At least that’s what Croffoot has heard from one of his students.
He just knows he likes the work. The only monetary reward he gains is compensation for meals and gasoline when he travels.
“I enjoy doing it. It’s rewarding to me to help people,” said the Illinois native, who’ll be 75 next month. Before he retired, he was a fireman at Anniston Army Depot.
It’s help that can benefit people in a couple of ways.
For one, it might save a life if an older driver puts into practice a skill tip learned in class, or obeys a traffic law he hadn’t previously been aware of or had never paid much attention to before.
Secondly, it can save money. Certification of completing the course is good for a discount on automobile insurance premiums, at least with most companies, Croffoot said.
“Everyone can use all the breaks they can get,” he said.
The cost of the 8-hour course — two mornings of four hours each — is minimal: $12 for AARP members and $14 for non-members. Any licensed driver of any age is allowed to take the course, meaning that a grandchild accompanying a grandparent would certainly not be turned away, he said.
Recertification is required every three years to maintain the discount, he added.

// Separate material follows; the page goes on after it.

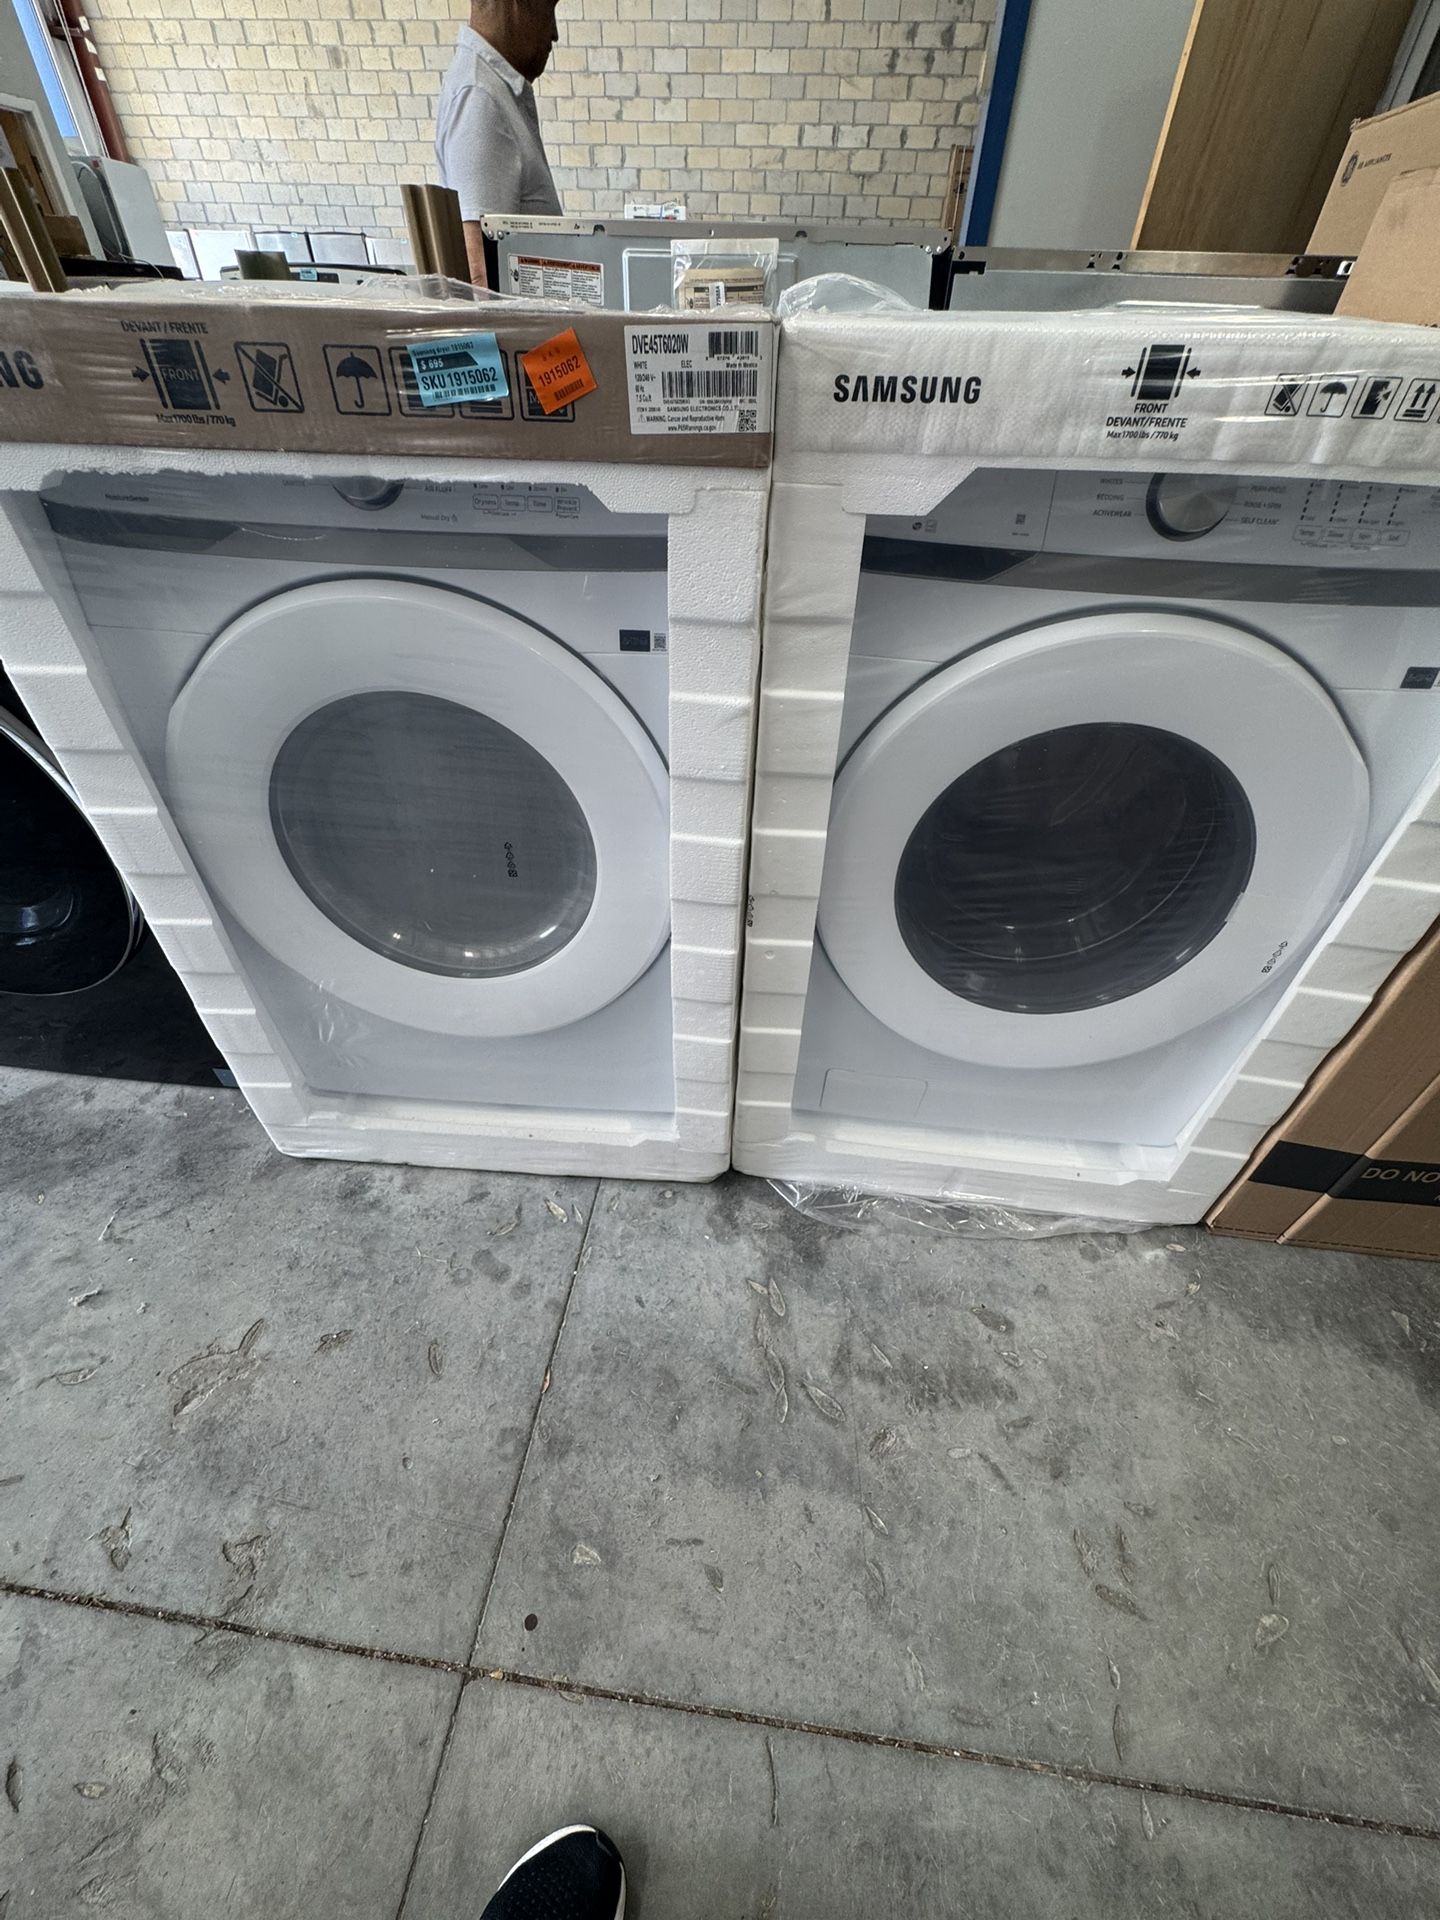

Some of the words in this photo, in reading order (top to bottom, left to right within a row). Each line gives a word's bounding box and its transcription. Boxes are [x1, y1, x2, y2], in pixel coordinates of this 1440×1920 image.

Although Calhoun County has been “home base” for Croffoot and his wife, Janet, for 35 years, the couple’s fondness for traveling led him to learn about the AARP course while they were semi-permanently living in Texas. He first took the course, then he became certified to teach it — even in teaching others to teach it.

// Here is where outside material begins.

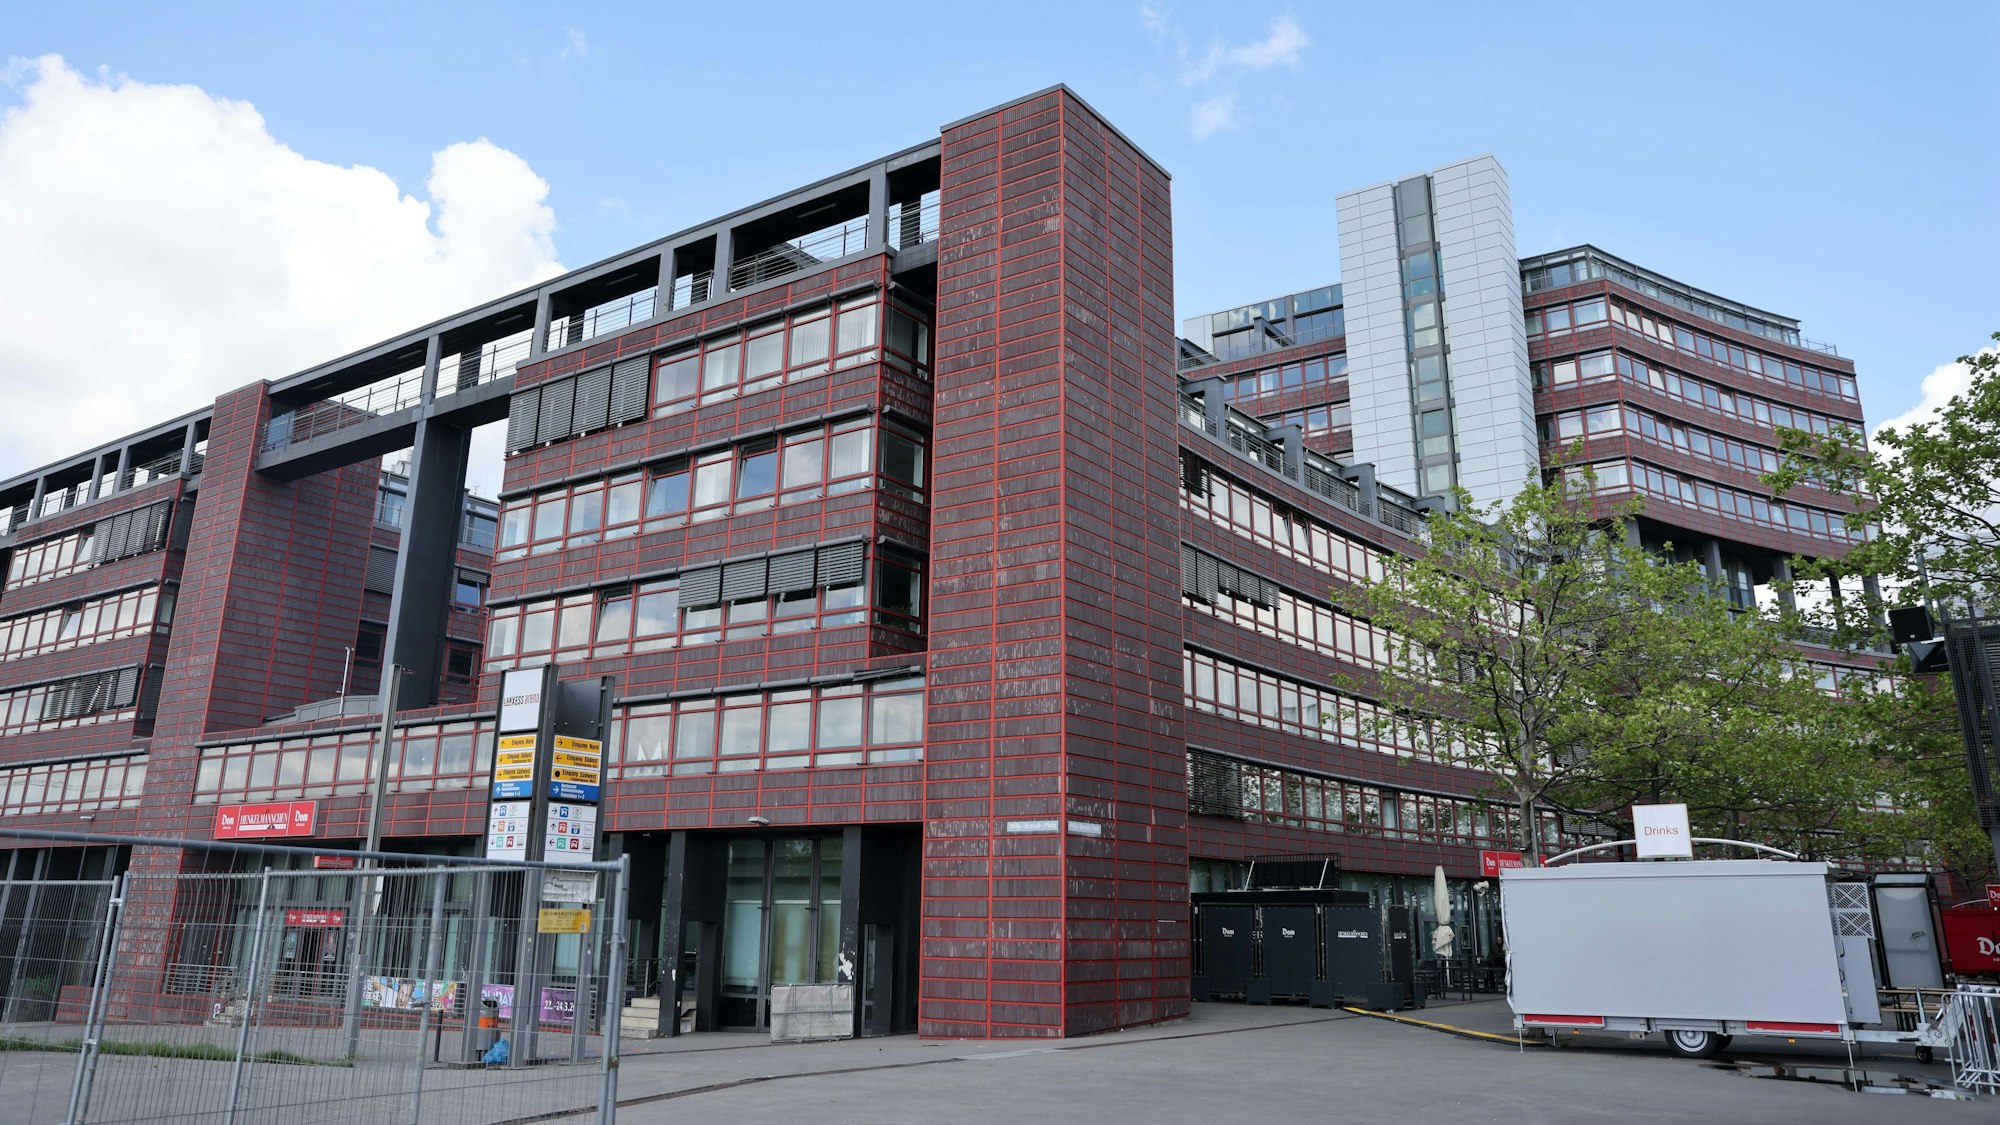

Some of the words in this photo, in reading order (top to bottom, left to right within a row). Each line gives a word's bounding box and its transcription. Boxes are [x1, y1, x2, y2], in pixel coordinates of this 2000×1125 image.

In fact, almost all of the courses Croffoot has taught in the past three years — he puts that number in the ballpark of 250 — have been in the town of Mission, Texas, near Brownsville.
He taught his first course back home — now Oxford, where the couple bought a house last year — in February.
Because of the number of classes he’s overseen, Croffoot doesn’t have to do much to prepare for a new one.
“I’ve taught so many I can go anyplace in this book and know how I’m gonna teach it,” he said, referring to the official 120-page “Participant Workbook.”
The book includes not only information about potentially hazardous situations and how to avoid or handle them, but also takes into account that most of the students using it are older — 50 and up is AARP’s target market — and thus have a lifetime of habits to either build on or correct.
For example, as any young whippersnapper might suspect, older drivers “obey the speed limit probably more than anybody else,” Croffoot said.
And yes, he said, he has had one driver ask him, “Am I supposed to use turn signals?”
So what’s the leading cause of accidents among older drivers?
Failure to yield right-of-way, meaning, you didn’t let the other guy be where he was allowed to be.
Sometimes, Croffoot explained, that failure is due to the older driver’s depth perception becoming less astute than it once was, especially at night.
And while no particular medication is mentioned in the course, Croffoot said, course material does bring out the importance of consulting one’s doctor or pharmacist about any hazardous side effects that a drug or combination of drugs might produce.
New traffic laws, such as those requiring highway motorists to give clearance to a stopped law enforcement vehicle, are also covered.
“There’s a lot of little pointers in this class,” he said.